**ACTIVITY**
Reproduce the whole of the records exactly, and make sure no picture is carried into the result.

**SOURCE DATA**
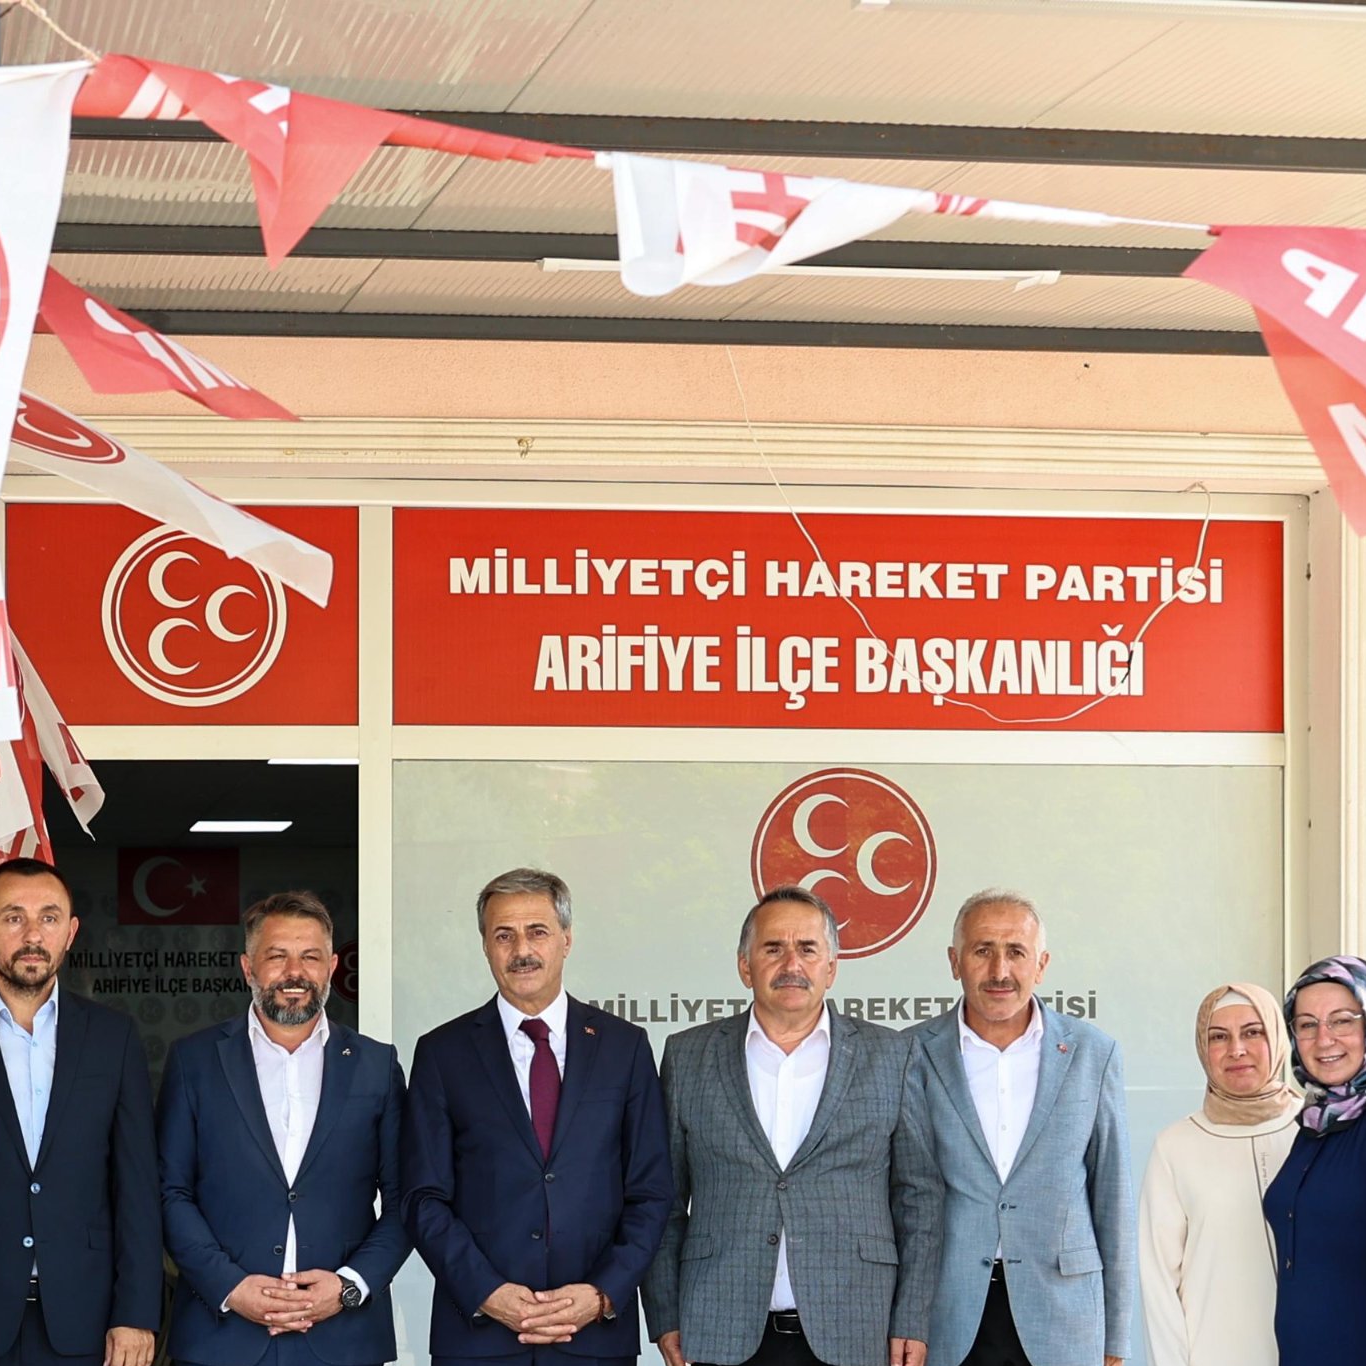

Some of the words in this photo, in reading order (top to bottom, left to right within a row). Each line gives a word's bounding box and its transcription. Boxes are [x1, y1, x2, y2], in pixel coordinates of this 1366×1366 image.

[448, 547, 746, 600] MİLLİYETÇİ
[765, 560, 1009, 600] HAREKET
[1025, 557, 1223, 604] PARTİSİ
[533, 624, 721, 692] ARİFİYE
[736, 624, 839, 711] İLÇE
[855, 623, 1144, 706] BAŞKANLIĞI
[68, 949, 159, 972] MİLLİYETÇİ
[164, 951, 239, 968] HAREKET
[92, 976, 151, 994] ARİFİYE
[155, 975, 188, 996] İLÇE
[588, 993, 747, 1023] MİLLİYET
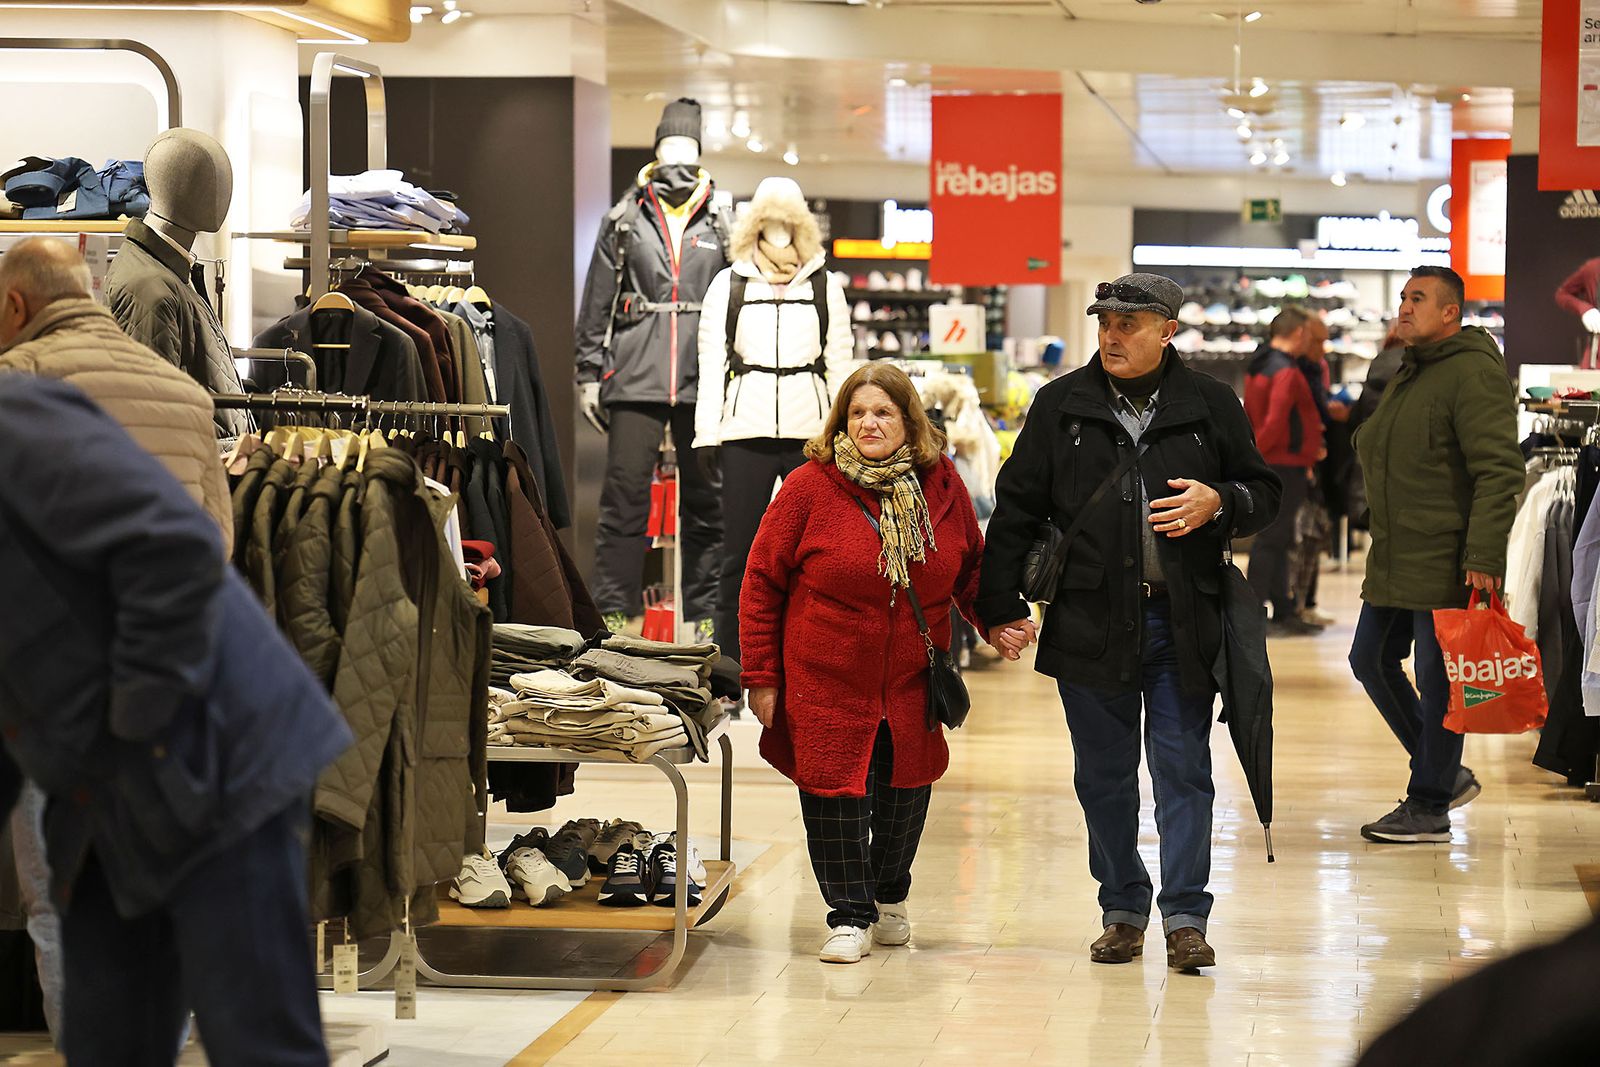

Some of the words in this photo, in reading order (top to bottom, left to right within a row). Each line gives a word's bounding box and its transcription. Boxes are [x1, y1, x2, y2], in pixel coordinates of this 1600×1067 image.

**EXERCISE ANSWER**
Some of the words in this photo, in reading order (top to bottom, left to right within a row). Each line gives a word's bounding box and its transcription. Boxes are [x1, y1, x2, y2], in pixel coordinates of this 1366×1366 image.

[448, 547, 746, 600] MİLLİYETÇİ
[765, 560, 1009, 600] HAREKET
[1025, 557, 1223, 604] PARTİSİ
[533, 624, 721, 692] ARİFİYE
[736, 624, 839, 711] İLÇE
[855, 623, 1144, 706] BAŞKANLIĞI
[68, 949, 159, 972] MİLLİYETÇİ
[164, 951, 239, 968] HAREKET
[92, 976, 151, 994] ARİFİYE
[155, 975, 188, 996] İLÇE
[588, 993, 747, 1023] MİLLİYET

Some of the words in this photo, in reading order (top to bottom, left to right within a row). Each line gives a word's bounding box and its transcription. Boxes are [x1, y1, x2, y2], in pixel coordinates of this 1600×1067 image.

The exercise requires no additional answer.